▸ WHAT YOU NEED TO DO:
Every entry must be output exactly as it is written.

Dataset items:

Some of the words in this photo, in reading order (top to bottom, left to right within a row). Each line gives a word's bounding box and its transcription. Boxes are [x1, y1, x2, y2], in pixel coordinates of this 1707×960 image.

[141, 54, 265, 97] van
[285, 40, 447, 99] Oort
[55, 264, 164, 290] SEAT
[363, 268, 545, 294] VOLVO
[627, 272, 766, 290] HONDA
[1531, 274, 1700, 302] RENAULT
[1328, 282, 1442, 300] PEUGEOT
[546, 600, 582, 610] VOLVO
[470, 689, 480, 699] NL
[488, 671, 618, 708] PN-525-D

▸ ANSWER FOR THIS EXERCISE:
Some of the words in this photo, in reading order (top to bottom, left to right within a row). Each line gives a word's bounding box and its transcription. Boxes are [x1, y1, x2, y2], in pixel coordinates of this 1707×960 image.

[141, 54, 265, 97] van
[285, 40, 447, 99] Oort
[55, 264, 164, 290] SEAT
[363, 268, 545, 294] VOLVO
[627, 272, 766, 290] HONDA
[1531, 274, 1700, 302] RENAULT
[1328, 282, 1442, 300] PEUGEOT
[546, 600, 582, 610] VOLVO
[470, 689, 480, 699] NL
[488, 671, 618, 708] PN-525-D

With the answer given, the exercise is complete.